The fact is that those on the Government Benches are letting the bankers get away with it-it is obvious even in the Budget that they are doing that. Government Members are going to vote tonight for £5.9 billion of cuts in welfare benefits in the Budget, yet they are taking only £2 billion from the bankers. In fact, they are not even taking £2 billion from them; what they are doing is not hitting the bankers-the greedy, irresponsible ones; the ones who are pocketing the money and taking their bonuses-but hitting the banks and the customers.

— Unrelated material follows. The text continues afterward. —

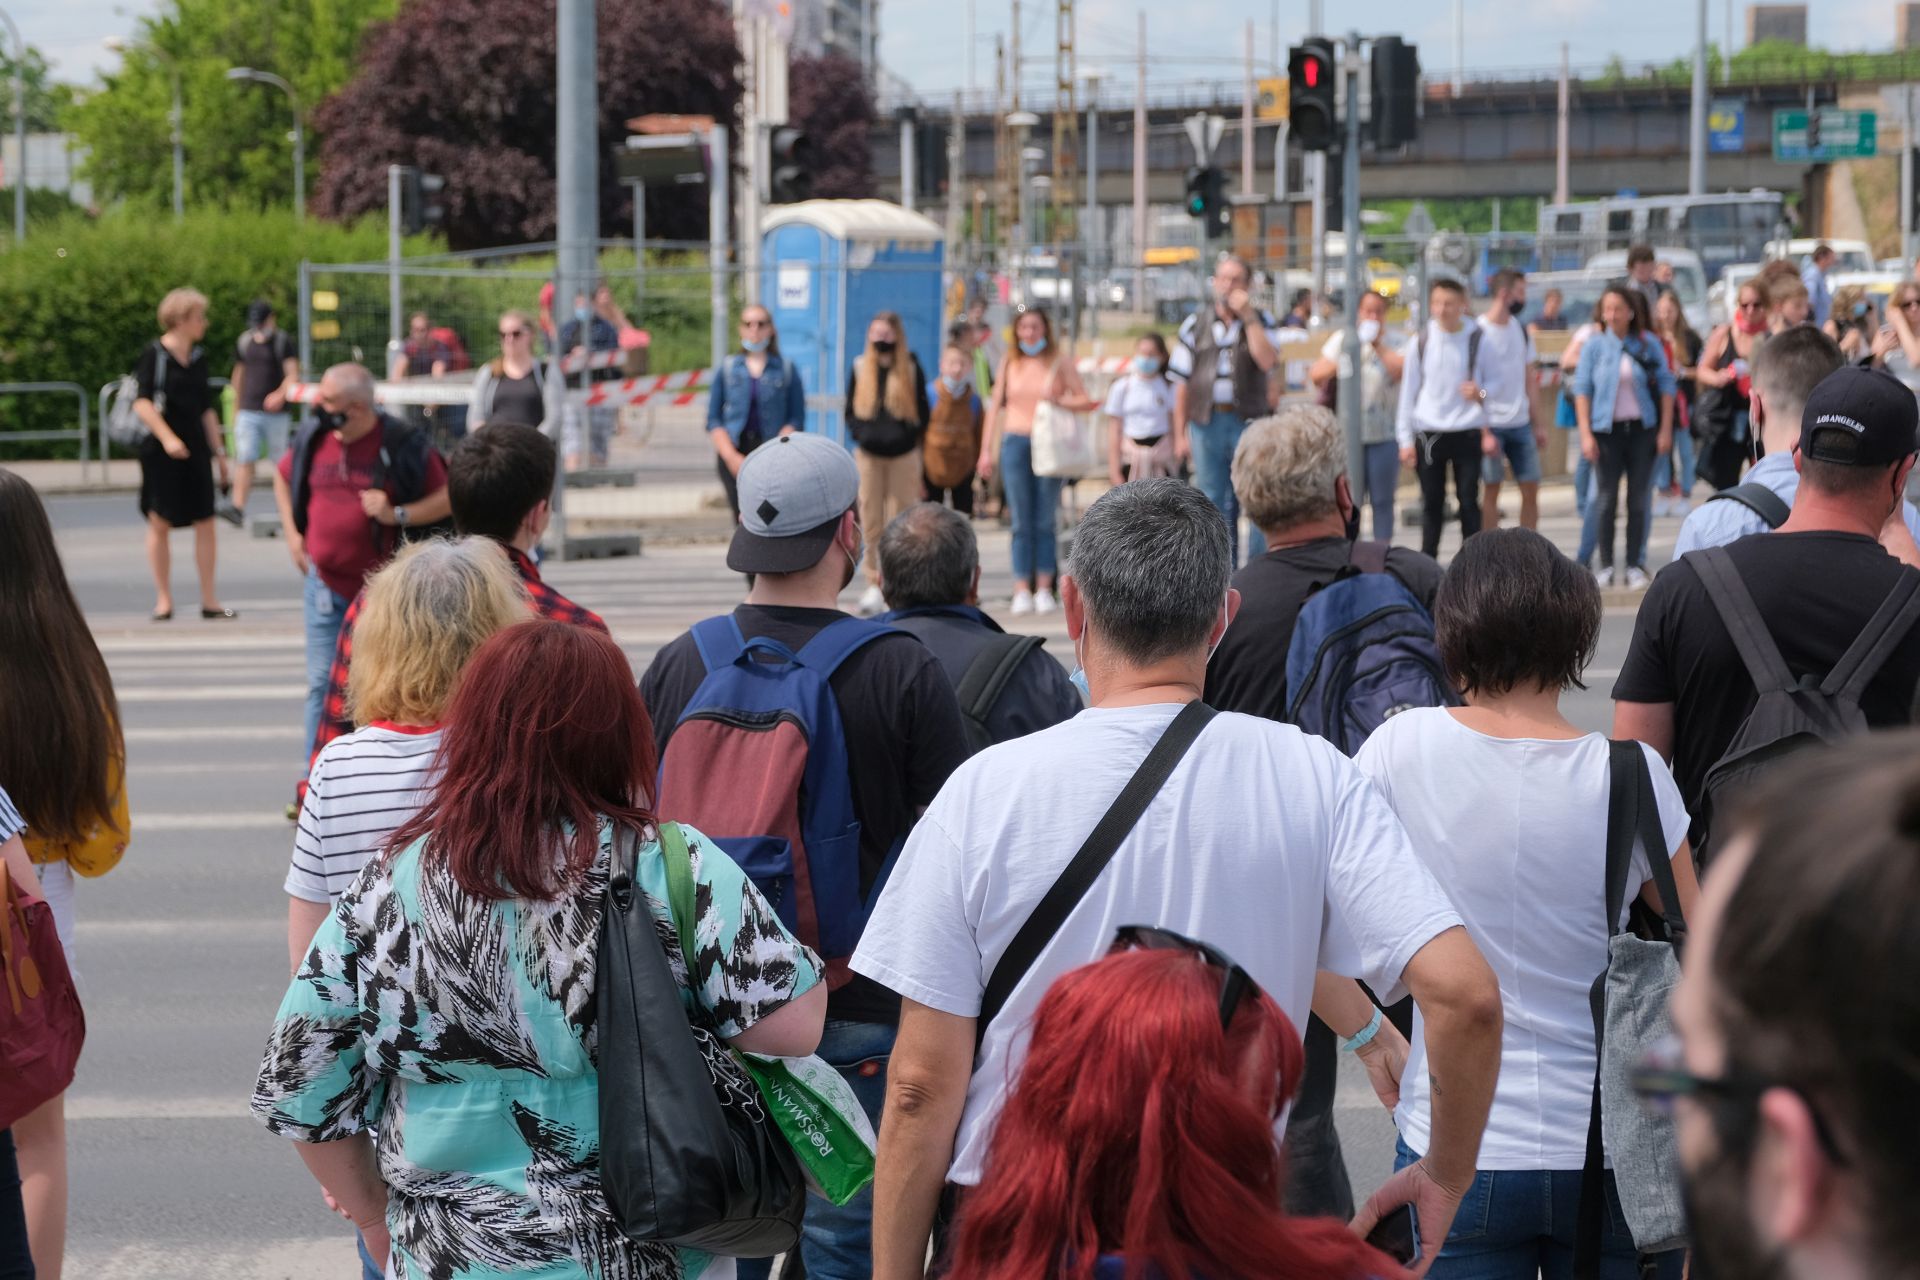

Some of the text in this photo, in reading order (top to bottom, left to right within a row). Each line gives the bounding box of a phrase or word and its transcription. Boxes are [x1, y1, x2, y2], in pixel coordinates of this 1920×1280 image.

Those on the Liberal Benches-the real Liberal Benches -seem to be listening to the Government propaganda. I wonder whether they read David Smith in The Sunday Times the week before the Budget. David Smith-not a well-known Labour supporter-drew our attention to the independent Office for Budget Responsibility, which was set up by the Chancellor. The OBR produced a report, which I see one member of the Front-Bench team has read and understands, containing its forecasting from June, based on the Labour Budget of March. We are talking about the choice for the Liberal Members who entered the Government, having taken their Business Secretary's word that Mervyn at the Bank told him that things were so bad that we had only one option-to push through the cuts, which are reminiscent of the '80s-but we do not.
"The 'before' version, the OBR's baseline projection, was contrary to some reporting last week, a rather attractive vision for the economy over the next few years."
"growth averages 2.7% from next year until the end of the parliament,"
"inflation sticks to the Bank of England's 2% target,"
throughout the life of the Parliament. As for unemployment -this is the choice that those on the Government Benches are making-it will go up with the Budget.
Under the Labour Budget, as analysed by the independent Office for Budget Responsibility,
"unemployment falls despite...Labour's planned spending cuts."
"The economy rebalances away from consumer spending and government towards exports and investment. The saving ratio steadies,"
"borrowing falling from 11.1% of GDP in 2009-10 to 3.9% by 2014-15 and the current account deficit, 1.7% of GDP this year, falling to 0.8% in 2014,"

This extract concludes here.